Day 787
Twenty-six months into sobriety, twenty-five months since disclosure, nine months since completing my first 12 Step workshop, and I still have amends to give. I’m starting to be a little concerned about why I have not taken the time to do them.
I am not aware of any particular stress surrounding my remaining amends. Still, I read something in my meditation book for today that is giving me more pause, and maybe more motivation.
“I reminded myself that I’m making amends for me because it’s the right thing to do and because God wants me to learn and experience love.” **
Somewhere along the line, I allowed myself to forget (surely I knew at some time) that the amends are for me. Hopefully, they will also bring some healing or understanding to the person receiving the amend, but it is not likely to change their lives, at least not compared to how much it could change mine.

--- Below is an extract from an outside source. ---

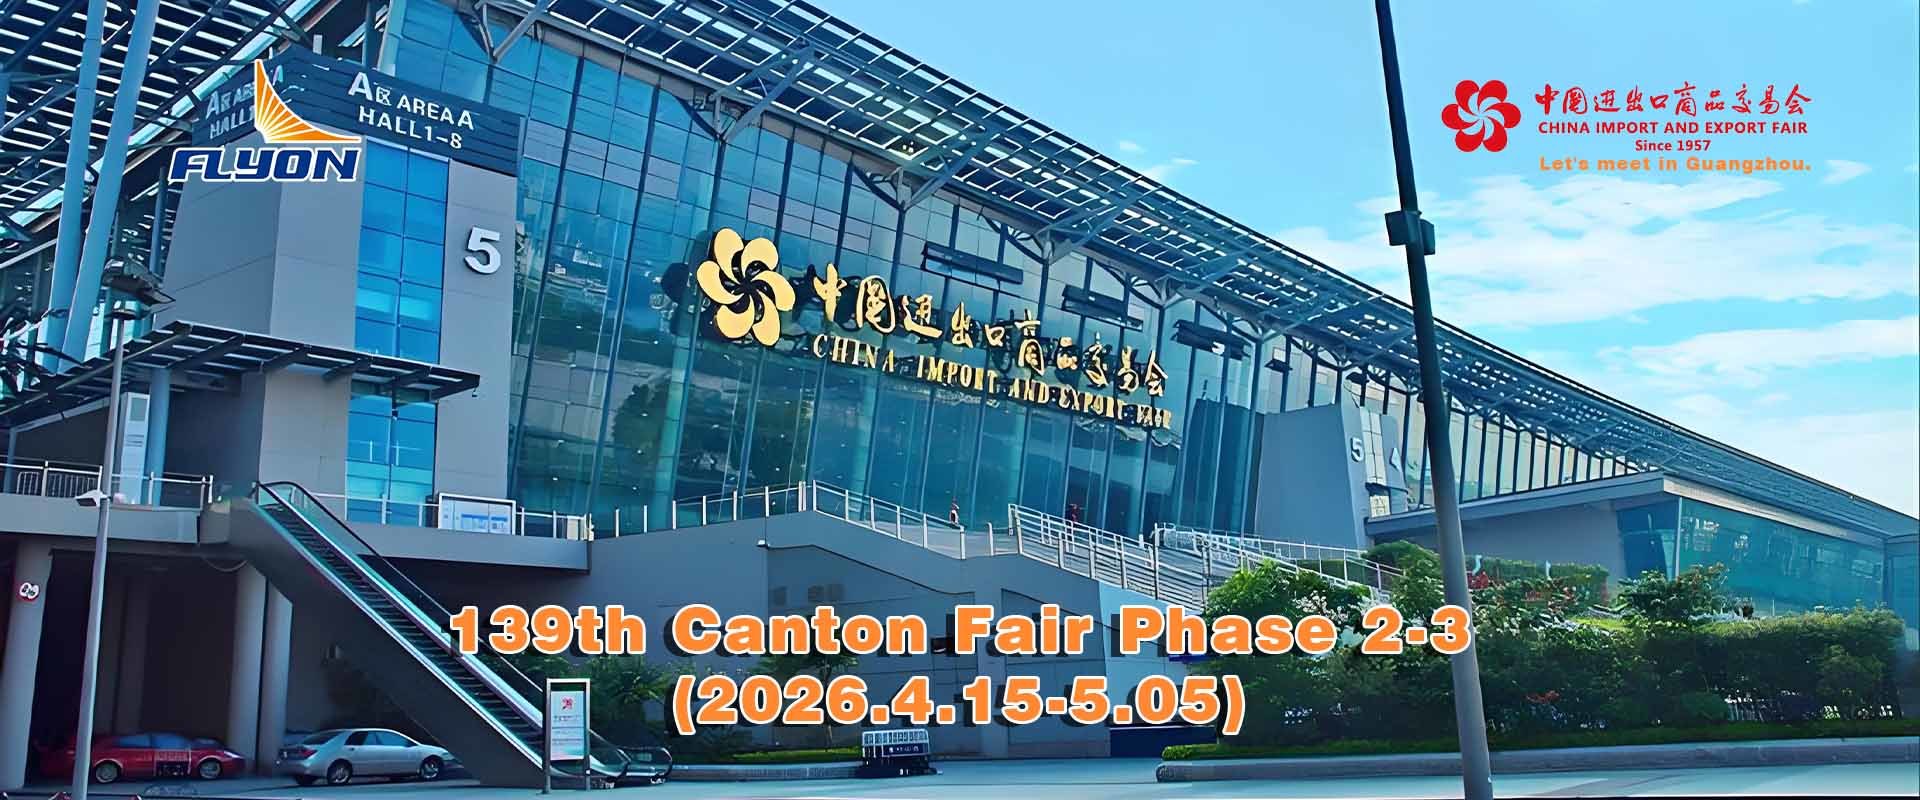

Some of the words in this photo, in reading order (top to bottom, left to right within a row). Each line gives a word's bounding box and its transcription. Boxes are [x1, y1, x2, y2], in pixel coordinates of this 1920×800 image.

Most of the people still on my unfinished list are in my life and close to me (my wife, for example), and I am slightly aware of some uneasiness continuing around certain issues, but it’s not something I think about often. However, my recovery experience to date has been that these nagging ‘little’ nudges are generally the tip of some underlying iceberg that has the potential for sinking my ships.
I need to get busy with these. There is some motion surrounding the creation of a new 12 Step meeting that I would likely take the lead on, and I think I need to finish this step before jumping into that role. I know I will never be done with such things, so maybe this is an effort to avoid both the amends and committing to another meeting, but it feels (today) more like a Higher Power reminder of something I need to prioritize, or multiple things I need to move to the top of my todo list.
I hate when He does that. I am also very grateful.
–JR
** Sex Addicts Anonymous, Voices of Recovery
Health Communications Inc., Kindle Edition.